The company’s personal computer product line, VAIO, reported a sales increase that was higher than the general product market’s growth, he said.
Kagita was in Cebu yesterday to open Sony Expo 2008 at the Cebu Trade Hall in SM City Cebu. The Cebu leg of the Sony Expo 2008 is the start of a series of 21 exhibits that will run all over the country until Jan. 18, 2009.
Kagita said the event, which will run in Cebu until tomorrow, will showcase the company’s products with cutting edge technology like noise canceling in headphones, portable music players and even in notebook computers. The noise canceling technology eliminates up to 99 percent of ambient noise.
DNA
Takasi Kozu, Sony Philippines vice president for marketing, said tackling new things that nobody else can do is Sony’s “spirit” and “DNA.”
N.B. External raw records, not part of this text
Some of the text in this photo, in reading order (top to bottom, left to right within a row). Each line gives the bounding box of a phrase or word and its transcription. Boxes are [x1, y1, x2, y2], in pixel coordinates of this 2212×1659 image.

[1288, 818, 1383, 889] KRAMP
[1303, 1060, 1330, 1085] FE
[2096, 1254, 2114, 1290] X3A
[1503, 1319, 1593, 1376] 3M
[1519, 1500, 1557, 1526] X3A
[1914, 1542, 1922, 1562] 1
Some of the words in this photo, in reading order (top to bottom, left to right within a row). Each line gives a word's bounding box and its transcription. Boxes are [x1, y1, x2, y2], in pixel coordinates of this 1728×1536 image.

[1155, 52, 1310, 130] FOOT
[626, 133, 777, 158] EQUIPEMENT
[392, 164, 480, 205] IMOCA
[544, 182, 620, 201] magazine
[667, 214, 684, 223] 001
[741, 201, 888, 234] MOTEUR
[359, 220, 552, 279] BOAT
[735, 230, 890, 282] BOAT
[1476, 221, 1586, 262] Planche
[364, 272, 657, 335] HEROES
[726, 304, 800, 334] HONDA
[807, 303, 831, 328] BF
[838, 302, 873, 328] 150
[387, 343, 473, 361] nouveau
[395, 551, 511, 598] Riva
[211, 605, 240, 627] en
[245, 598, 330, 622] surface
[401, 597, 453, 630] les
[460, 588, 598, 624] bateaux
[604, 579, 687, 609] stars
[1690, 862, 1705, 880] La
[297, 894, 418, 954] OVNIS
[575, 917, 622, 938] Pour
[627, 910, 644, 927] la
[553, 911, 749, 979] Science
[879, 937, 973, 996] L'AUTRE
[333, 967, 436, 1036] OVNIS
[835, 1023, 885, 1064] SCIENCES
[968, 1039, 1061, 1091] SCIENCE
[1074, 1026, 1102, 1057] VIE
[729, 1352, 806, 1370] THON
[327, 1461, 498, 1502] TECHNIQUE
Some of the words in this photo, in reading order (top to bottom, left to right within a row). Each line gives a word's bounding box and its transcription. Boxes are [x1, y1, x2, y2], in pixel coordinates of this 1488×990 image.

Kozu said Sony revolutionized music and made it portable with its introduction of the first Walkman decades ago. He said the company was also the first to release a compact disc player.
Kozu said that in the digital era, it is harder to differentiate products. Sony is able to differentiate, he said, through its “world breakthroughs” in technology.
Kozu said that among the cutting edge technologies on exhibit in the Sony Expo 2008 is the “world’s smallest, lightest and slimmest” 1920 x 10801 full HD camcorder, the HDR-TG1.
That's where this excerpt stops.